Thursday, May 14, 2020

NYC, COVID & poverty: No "shelter at home" for the homeless

     When my plane landed in New York City recently, I had the entire JFK airport all to myself.  Even the TSA security checkpoint was empty except for a few bored employees.  Empty.  Totally empty.  Can you even imagine a TSA line with nobody in it?  Totally surreal.  But then I saw a few more people on the subway into Manhattan -- and then lots of people on 34th Street.  People in front of Penn Station.  People next to the Empire State Building.  People walking past Macy's.

     My mind boggled.  Here's me, with a completely boggled mind.  But why was I being so gobsmacked?  Definitely not because there were people on the streets of New York City -- but rather because of the type of people I saw.  All the techies, the yuppies, the rising-star professionals, the upper-class shoppers, New York's chic urban workforce?  They were all gone from the streets completely, disappeared as if by magic.

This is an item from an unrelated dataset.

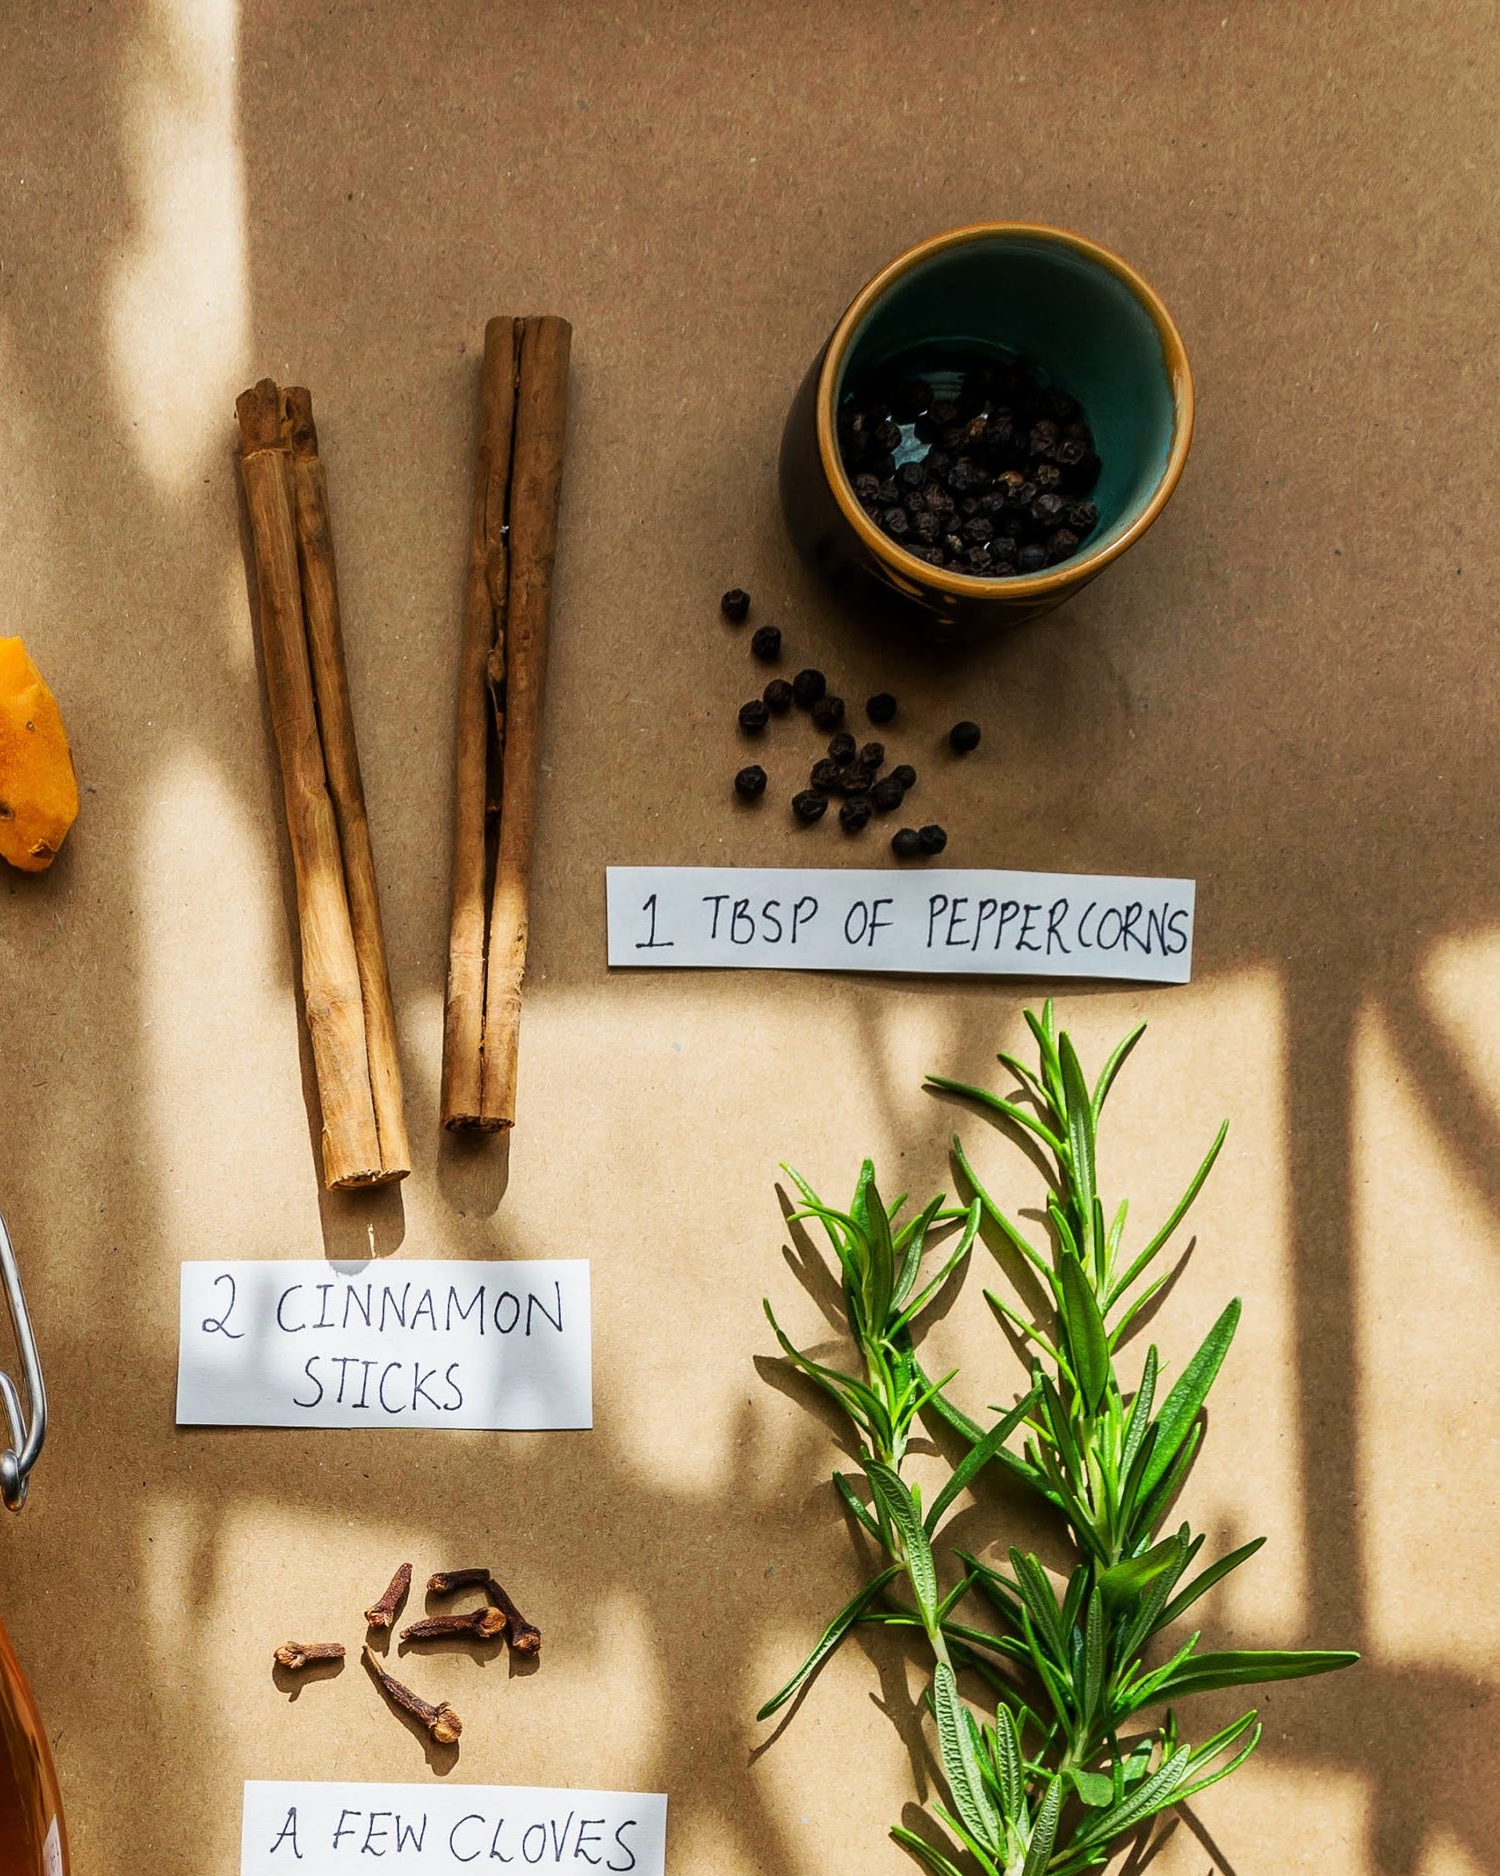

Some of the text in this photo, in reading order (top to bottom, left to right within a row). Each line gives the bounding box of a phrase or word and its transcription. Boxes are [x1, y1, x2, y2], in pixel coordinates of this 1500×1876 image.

     And all that was left on the streets of New York City were its "dregs". 

     And New York City has a hecka lot of "dregs".  America itself has a whole freaking lot of "dregs".

     Thanks to COVID-19, America's convenient veil of secrecy has been ruthlessly ripped aside and America's morbid classism has now been cruelly exposed.  Tears came to my eyes -- and I don't usually cry.

     All those suave New Yorkers with homes to go to and Netflix to watch and popcorn to eat as they sit on their sofas bombarded by TV commercials with violins in the background and soothing voices telling us that "We're all in this together" and "We're here to help"?

     None of that warm-puppy feeling applies to New York City's underclasses, America's underclasses, carefully cultivated since Nixon and Reagan -- and now in full bloom right next to Madison Square Garden.

     And then I thought of our recent "stimulus package" -- $1200 to everyone who has filed an income tax return.  $1200 might be a drop in the bucket for some Americans, but to the people actually living on the streets of New York City, $1200 would be a freaking miracle, a wonderful last meal, a comfortable place to finally lay down their heads -- like a dead man walking being offered a last meal before midnight.

     But none of those who are truly in need will be getting any of America's bounty.  Once again.